For most of his adult life, he has earned his living by translating the books of other writers. He sits at his desk reading the book in French and then picks up his pen and writes the same book in English. It is both the same book and not the same book, and the strangeness of this activity has never failed to impress him. Every book is an image of solitude. It is a tangible object that one can pick up, put down, open, and close, and its words represent many months, if not many years, of one man’s solitude, so that with each word one reads in a book one might say to himself that he is confronting a particle of that solitude. A man sits alone in a room and writes. Whether the book speaks of loneliness or companionship, it is necessarily a product of solitude. A. sits down in his own room to translate another man’s book, and it is as though he were entering that man’s solitude and making it his own. But surely that is impossible. For once a solitude has been breached, once a solitude has been taken on by another, it is no longer solitude, but a kind of companionship. Even though there is only one man in the room, there are two. A. imagines himself as a kind of ghost of that other man, who is both there and not there, and whose book is both the same and not the same as the one he is translating. Therefore, he tells himself, it is possible to be alone and not alone at the same moment.

A word becomes another word, a thing becomes another
thing.

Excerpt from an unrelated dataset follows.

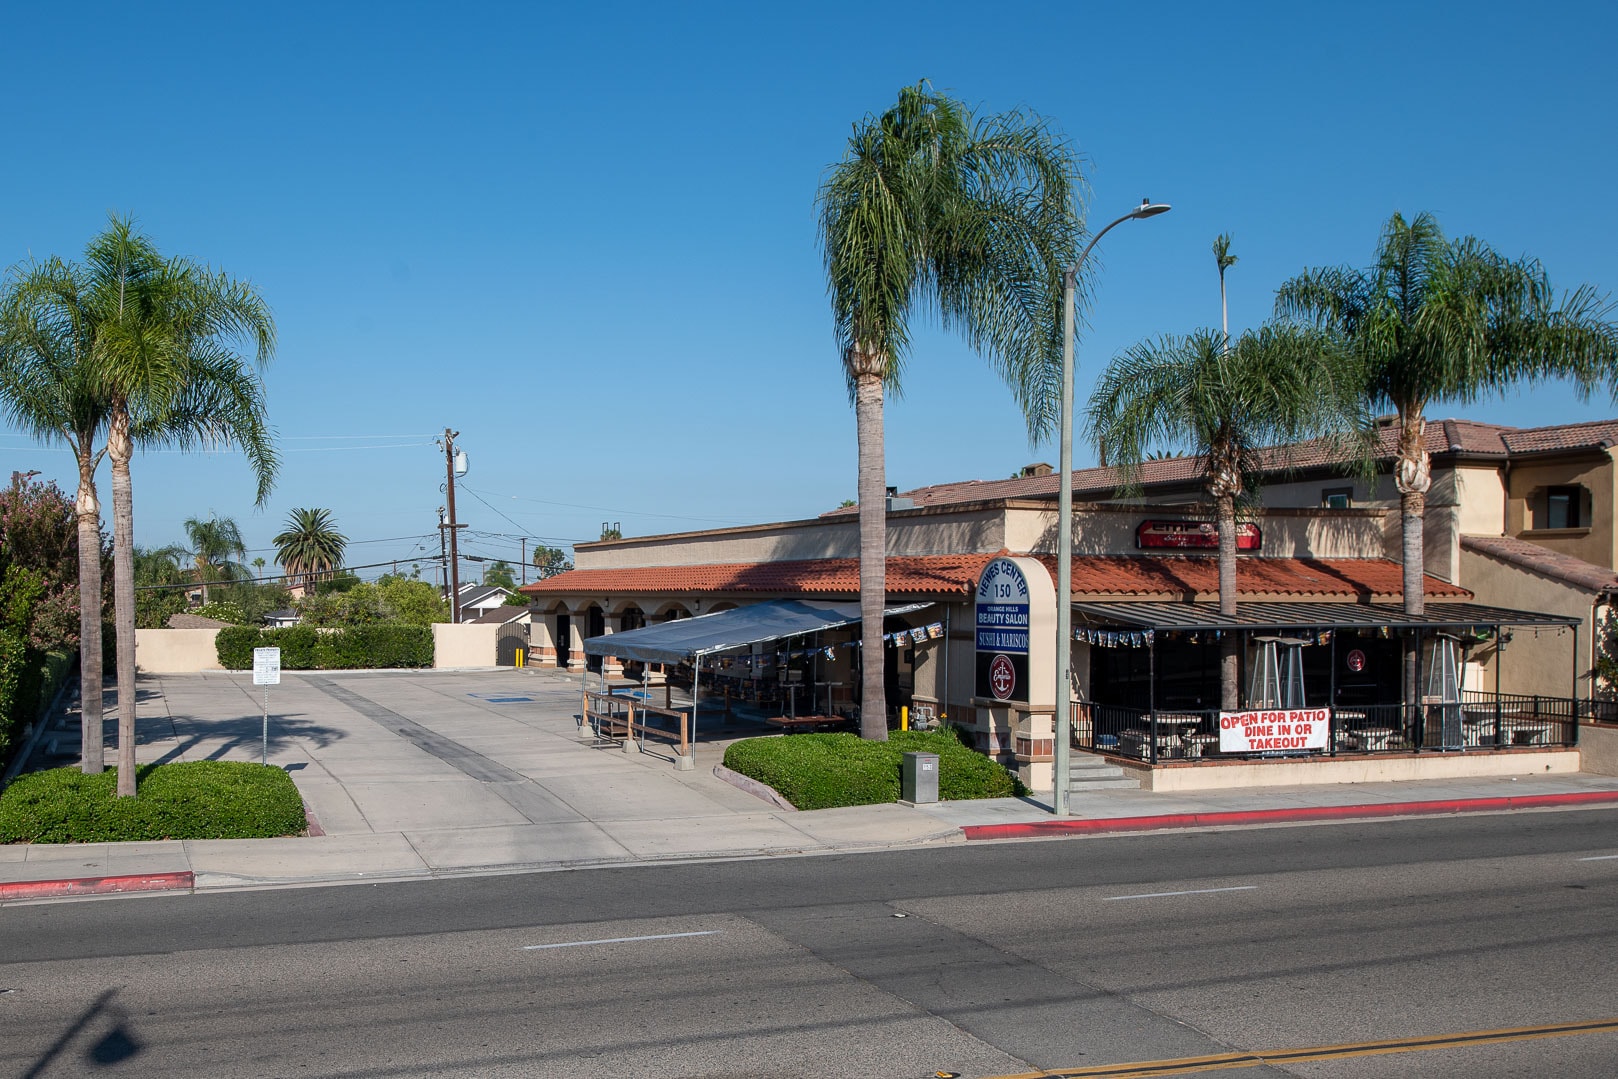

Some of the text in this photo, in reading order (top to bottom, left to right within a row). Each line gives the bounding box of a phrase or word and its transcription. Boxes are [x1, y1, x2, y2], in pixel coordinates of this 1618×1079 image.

In this way, he tells himself, it works in the same way that memory does. He imagines an immense Babel inside him. There is a text, and it translates itself into an infinite number of languages. Sentences spill out of him at the speed of thought, and each word comes from a different language, a thousand tongues that clamor inside him at once, the din of it echoing through a maze of rooms, corridors, and stairways, hundreds of stories high. He repeats. In the space of memory, everything is both itself and something else. And then it dawns on him that everything he is trying to record in The Book of Memory, everything he has written so far, is no more than the translation of a moment or two of his life—those moments he lived through on Christmas Eve, 1979, in his room at 6 Varick Street.